Oficinas aproximam jovens da produção audiovisual
Com o apoio da Regenera Cariri e da agência i360, os estudantes também participaram de oficinas sobre resíduos sólidos e sobre produção audiovisual. A ideia é produzir um documentário mostrando a rotina do projeto e a realidade dos catadores da região.
Segundo Ingrid Botelho, gerente da Regenera Cariri, o trabalho desenvolvido pelos alunos já vinha gerando transformação antes mesmo da chegada da parceria.
“Nosso papel é impulsionar um protagonismo que já existe. Esses jovens já fazem um trabalho que mudou a visão da comunidade sobre reciclagem, e a Regenera entra para fortalecer esse projeto, oferecendo conhecimento técnico para que eles repliquem na escola, em casa e na comunidade as informações sobre o descarte correto de resíduos”, destaca.
Para Jayan Duarte, CEO da agência i360, a iniciativa também abre caminhos para novas oportunidades profissionais aos estudantes, especialmente por meio da inclusão digital.
“Hoje, o digital mostra que você, com um celular, conhecimento e vontade de aprender, consegue executar serviços e se tornar um profissional.

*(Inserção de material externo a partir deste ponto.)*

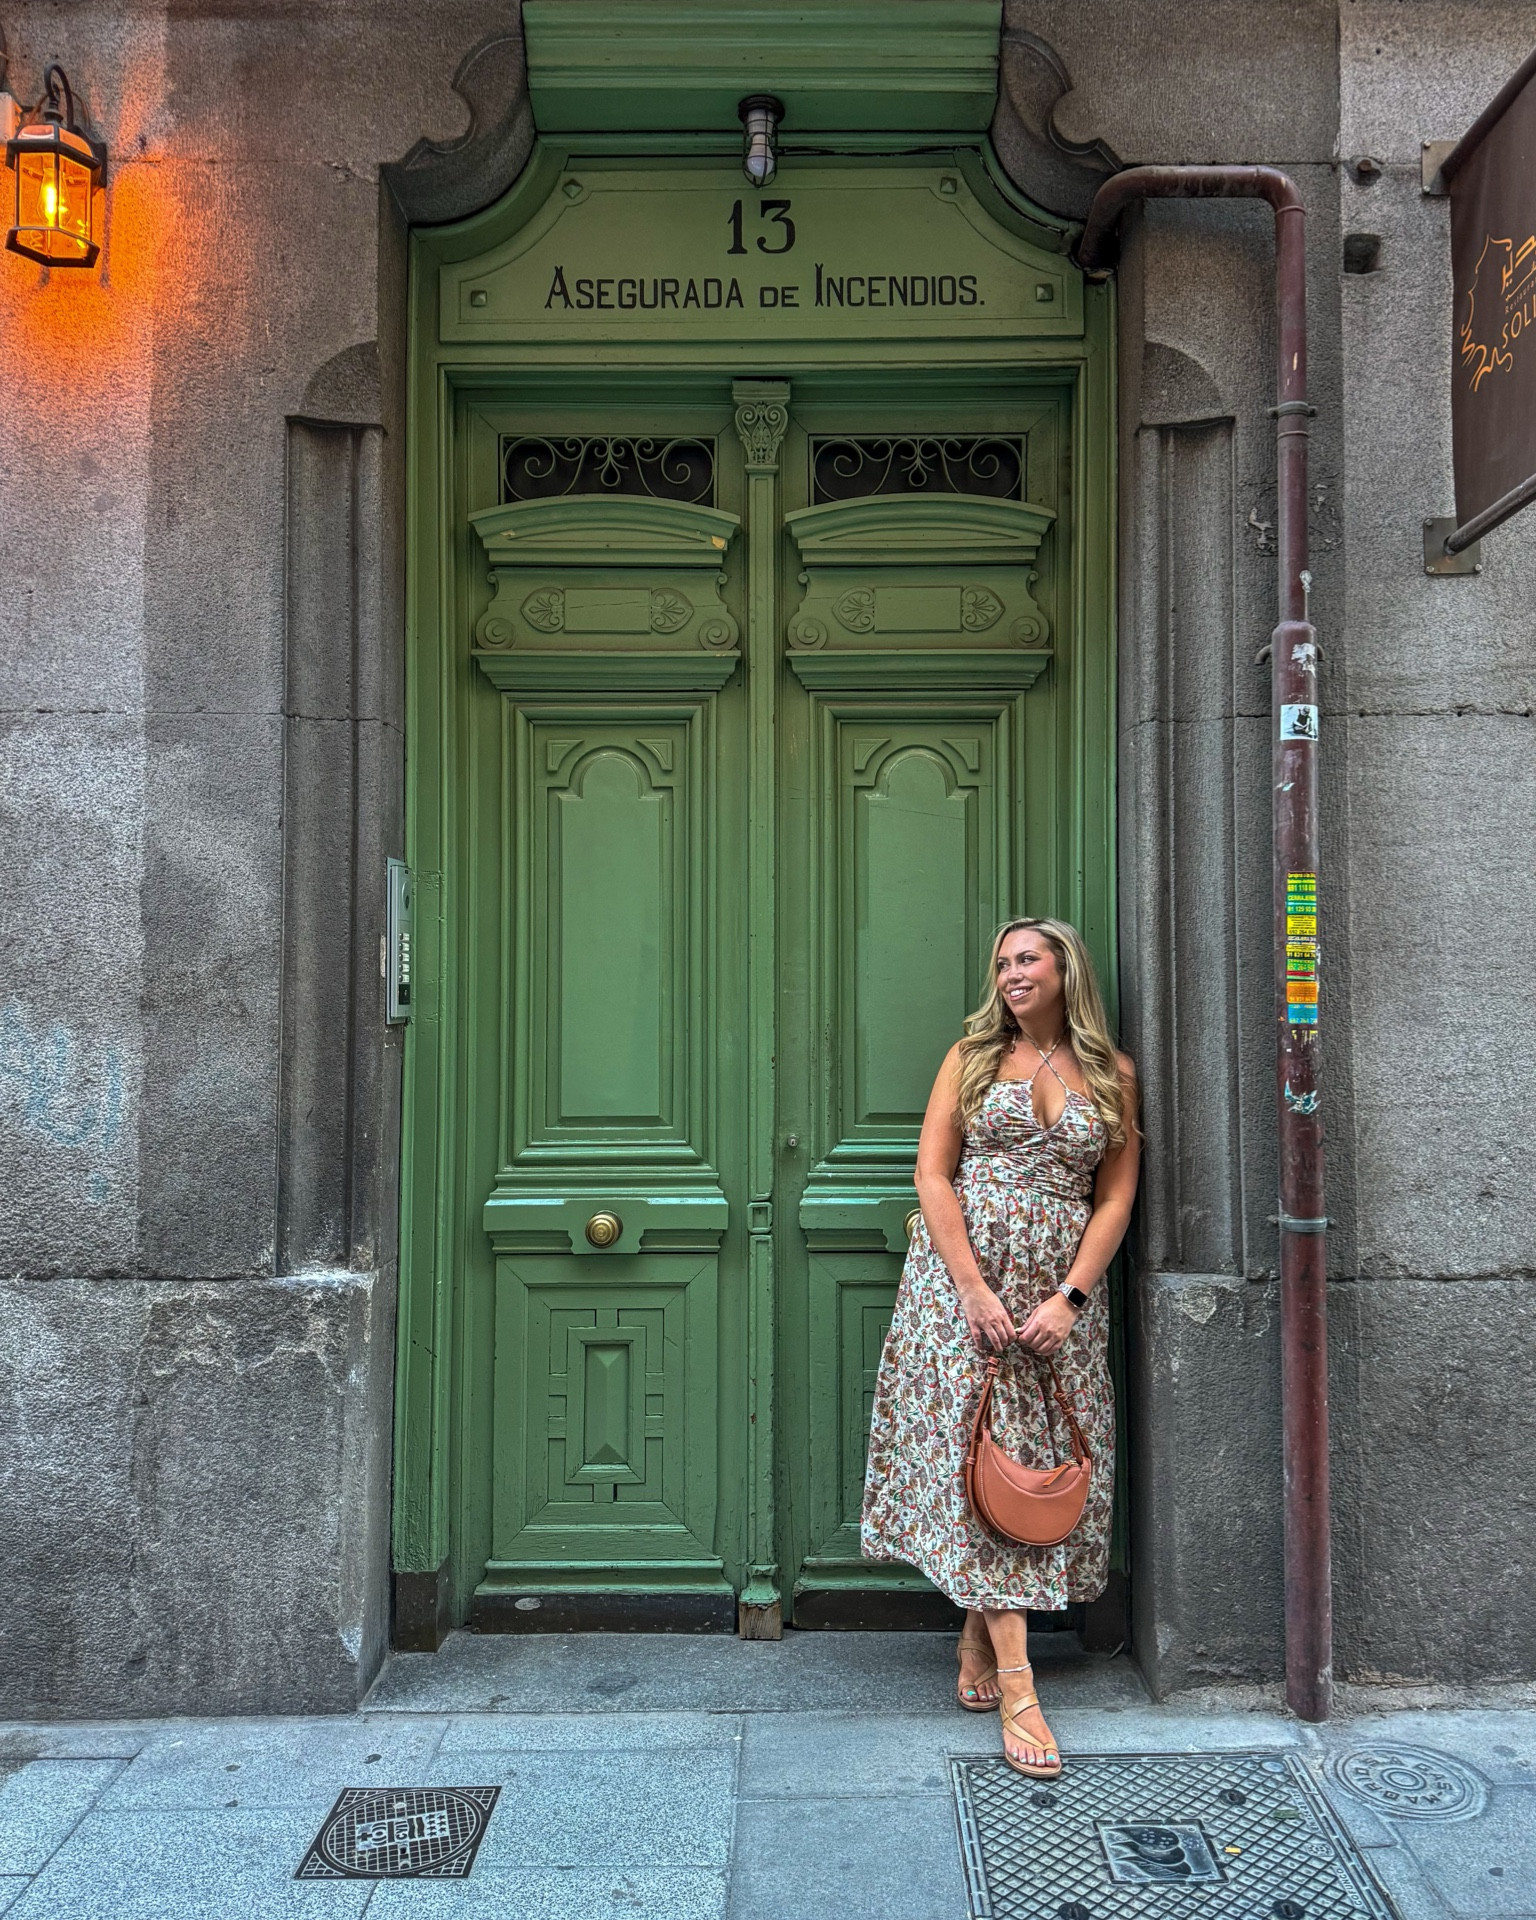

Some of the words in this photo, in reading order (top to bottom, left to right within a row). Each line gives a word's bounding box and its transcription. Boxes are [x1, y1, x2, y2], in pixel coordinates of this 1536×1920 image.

Nossa intenção é mostrar que é possível sair da escola e fazer uma transição tranquila para o mercado de trabalho, provando que esses jovens podem ser o que quiserem, independentemente da condição social ou de virem de uma escola pública”, afirma Jayan.
Projeto ganha reconhecimento científico
O trabalho desenvolvido pelos estudantes conquistou o primeiro lugar na categoria de Ciências Humanas na etapa regional do Ceará Científico (CREDE 18), em 2025.
Além do reconhecimento acadêmico, a iniciativa também está alinhada à Política Nacional de Resíduos Sólidos (PNRS) e aos Objetivos de Desenvolvimento Sustentável (ODS) da Organização das Nações Unidas (ONU), especialmente ao ODS 12, voltado ao consumo e à produção responsáveis.
No Crato, a experiência mostra como a educação ambiental pode ultrapassar os muros da escola e se transformar em uma ferramenta concreta de cidadania, de inclusão social e de transformação comunitária.